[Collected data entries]
•••

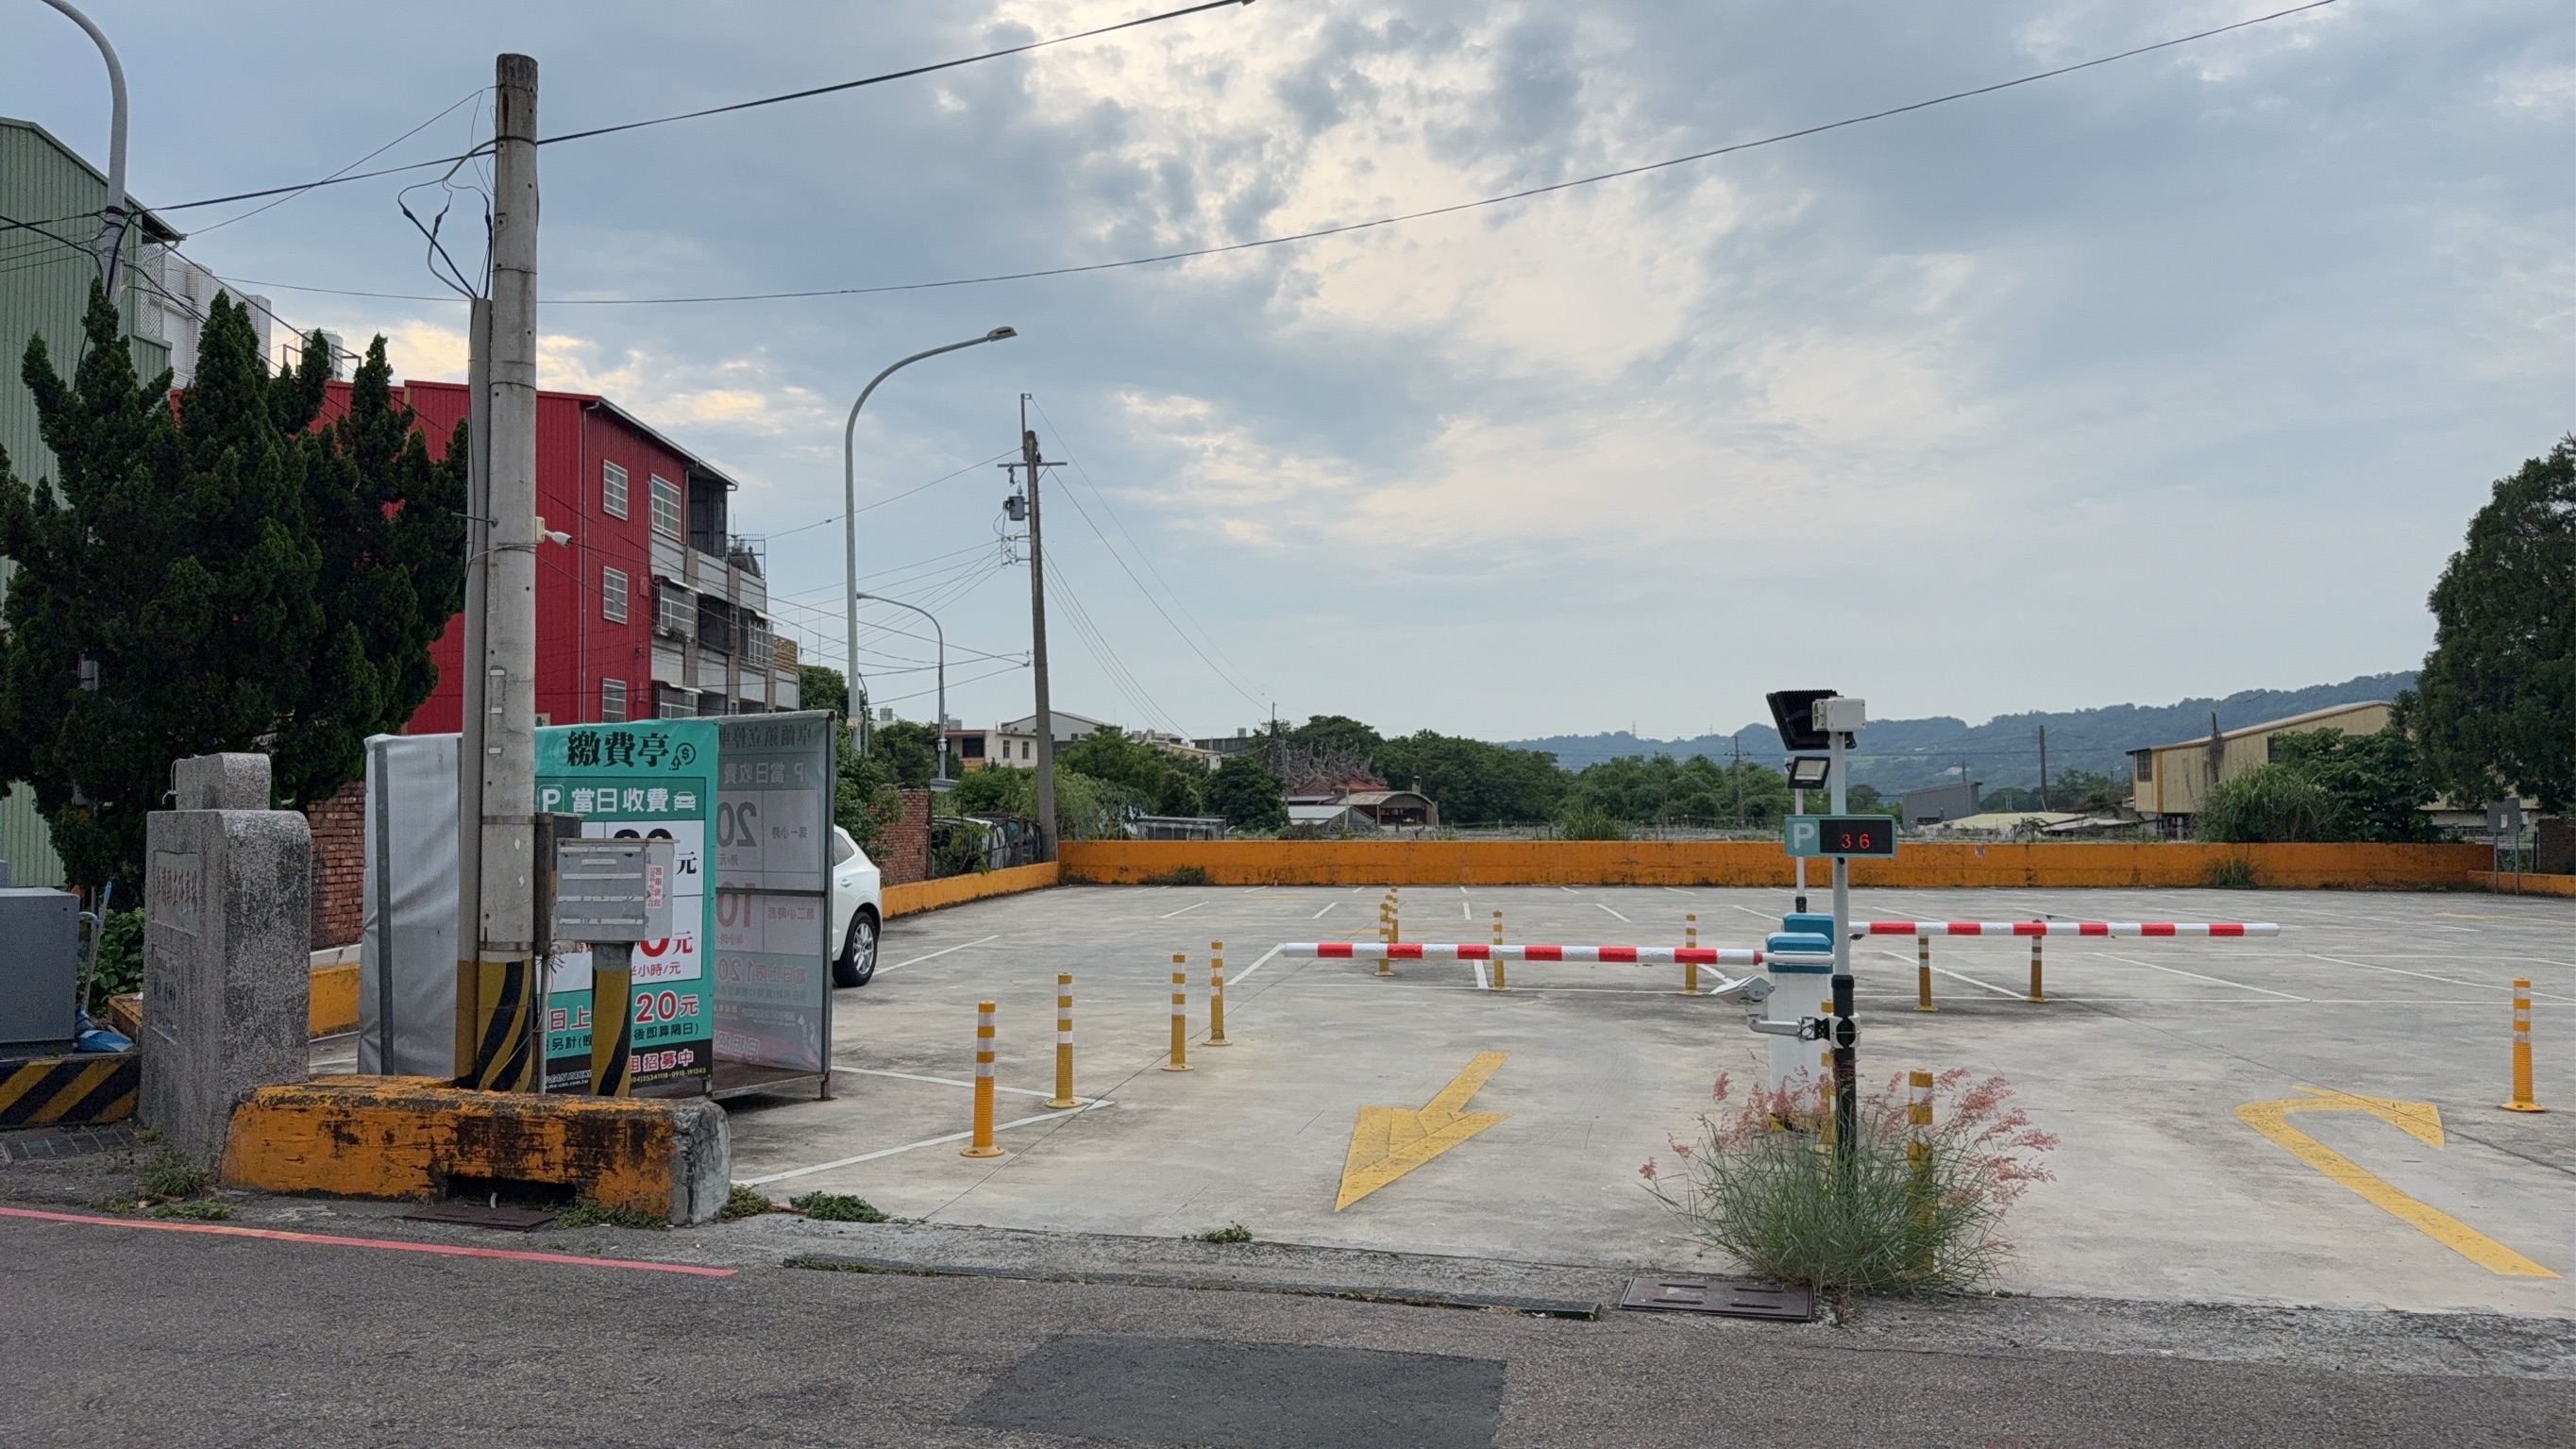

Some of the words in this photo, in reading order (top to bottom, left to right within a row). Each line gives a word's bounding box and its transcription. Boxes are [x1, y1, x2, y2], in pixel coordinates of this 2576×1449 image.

[567, 731, 669, 767] 繳費亭
[542, 788, 561, 812] P
[571, 787, 668, 813] 當日收費
[1793, 823, 1815, 849] P

•••

[ASSIGNED TASK]
With the pictures excluded, the records are to be reproduced exactly.

[WRITTEN RESPONSE]
Some of the words in this photo, in reading order (top to bottom, left to right within a row). Each line gives a word's bounding box and its transcription. Boxes are [x1, y1, x2, y2], in pixel coordinates of this 2576×1449 image.

[567, 731, 669, 767] 繳費亭
[542, 788, 561, 812] P
[571, 787, 668, 813] 當日收費
[1793, 823, 1815, 849] P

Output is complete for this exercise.